Lors de la conférence du Večernji List ‘La Croatie dont nous avons besoin’, la Présidente de la République, Kolinda Grabar-Kitarović, a déclaré, selon des rapports d’actualités, que ‘le salaire moyen en Croatie doit être d’au moins 7500 kuna’. Le Premier ministre Andrej Plenković a répondu que ‘les salaires ne peuvent pas être déterminés par décret’.
Et cela pourrait être la fin de l’histoire.
La Présidente plaide pour des salaires de 7500 kuna. Le Premier ministre répond que cela ne peut pas être réalisé par décret. C’est vrai. Mais voyons sous quelles hypothèses et politiques gouvernementales le salaire moyen pourrait atteindre le niveau de mille euros en quatre ans.
Mais faisons un effort intellectuel et considérons la proposition d’un point de vue qui n’est pas immédiatement évident. Cela signifie rejeter la contemplation de la proposition d’un salaire moyen mensuel de 7500 kuna net. Mettons de côté un moment si nous aimons ou non les positions de la Présidente durant son mandat actuel, si nous voterions pour elle lors des prochaines élections ou non. Sans aucune intention de jouer le rôle d’un avocat, il convient de noter qu’elle a mentionné que de nombreux jeunes qu’elle a rencontrés lors du déménagement du Bureau de Pantovčak vers tous les comtés ont fait référence à ce montant comme condition pour ne pas quitter la Croatie.
Décret ou KPI ?
Supposons que la Présidente ne voulait pas dire que le salaire moyen devait être fixé à sept mille kuna par décret. Supposons qu’il s’agit d’un objectif à moyen terme qui doit être atteint pour stopper l’émigration. Dans ce cas, la discussion pourrait avoir du sens.

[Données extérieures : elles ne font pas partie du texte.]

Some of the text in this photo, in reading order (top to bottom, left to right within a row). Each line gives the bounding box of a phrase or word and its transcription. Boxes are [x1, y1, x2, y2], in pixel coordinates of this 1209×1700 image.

Cela fait vingt ans que les politiciens en Croatie, tant à gauche qu’à droite, au pouvoir ou dans l’opposition, pendant les périodes électorales (et autrement) évitent les promesses qui se résument à un chiffre qu’ils ont l’intention d’atteindre après, disons, quatre ans au pouvoir. Le dernier à avoir été imprudent était, à la fin du siècle dernier, l’ancien leader du Parti populaire croate, Radimir Čačić. Il a promis que la coalition de gauche (qui a remporté les élections) créerait deux cent mille nouveaux emplois durant son mandat. Cela ne s’est pas produit, donc les opposants de droite n’ont cessé de mettre du sel sur la plaie avant les prochaines élections, c’est-à-dire les deux cent mille emplois promis.

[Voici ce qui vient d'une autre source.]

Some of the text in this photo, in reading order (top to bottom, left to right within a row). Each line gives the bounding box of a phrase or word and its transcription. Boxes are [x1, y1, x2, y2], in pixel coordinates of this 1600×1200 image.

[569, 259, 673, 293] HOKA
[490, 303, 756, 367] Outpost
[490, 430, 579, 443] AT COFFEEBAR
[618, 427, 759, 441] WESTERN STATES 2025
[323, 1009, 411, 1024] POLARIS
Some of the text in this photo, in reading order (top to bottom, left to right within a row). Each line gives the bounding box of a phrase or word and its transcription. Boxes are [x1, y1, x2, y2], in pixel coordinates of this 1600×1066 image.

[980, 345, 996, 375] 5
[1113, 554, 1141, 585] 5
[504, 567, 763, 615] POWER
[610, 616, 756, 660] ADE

Depuis lors, tout le monde promet miel et lait, mais il n’y a aucun de ces KPI (indicateurs clés de performance) standards du secteur qui montreraient facilement s’ils ont tenu leur promesse. Cela pourrait être une promesse de taux de croissance supérieurs à quatre pour cent après la troisième année du mandat. Ou une croissance annuelle des exportations de dix pour cent. Ou dix milliards d’euros en nouveaux investissements de production. Et ensuite, toutes les politiques seraient ajustées à cet objectif.
De même, un KPI pourrait être l’objectif d’atteindre un salaire moyen mensuel de 7500 kuna net. Il ne s’agirait pas d’un décret. Mais d’une simulation de ce qui doit être fait pour que le salaire du groupe que l’on souhaite retenir dans le pays soit d’environ mille euros. Et ensuite, un programme convaincant de ce qui sera fait pour que les entrepreneurs puissent offrir des salaires plus élevés aux employés sans nécessairement compromettre les investissements dans les nouvelles technologies. Et oui, un petit détail supplémentaire. Les résultats commerciaux des entreprises devraient être tels que, en plus des salaires de mille euros et des investissements, il reste également un certain profit pour les propriétaires des entreprises. En effet, beaucoup pourraient trouver cela une question étrange : pourquoi les entrepreneurs se donneraient-ils la peine s’ils finissent avec au moins des miettes ?
Politique à l’envers
Pour que les employeurs offrent à des employés clés des salaires moyens de mille euros, l’entreprise doit générer une valeur ajoutée beaucoup plus grande. Cela nécessite une réduction radicale des impôts, des investissements et des exportations.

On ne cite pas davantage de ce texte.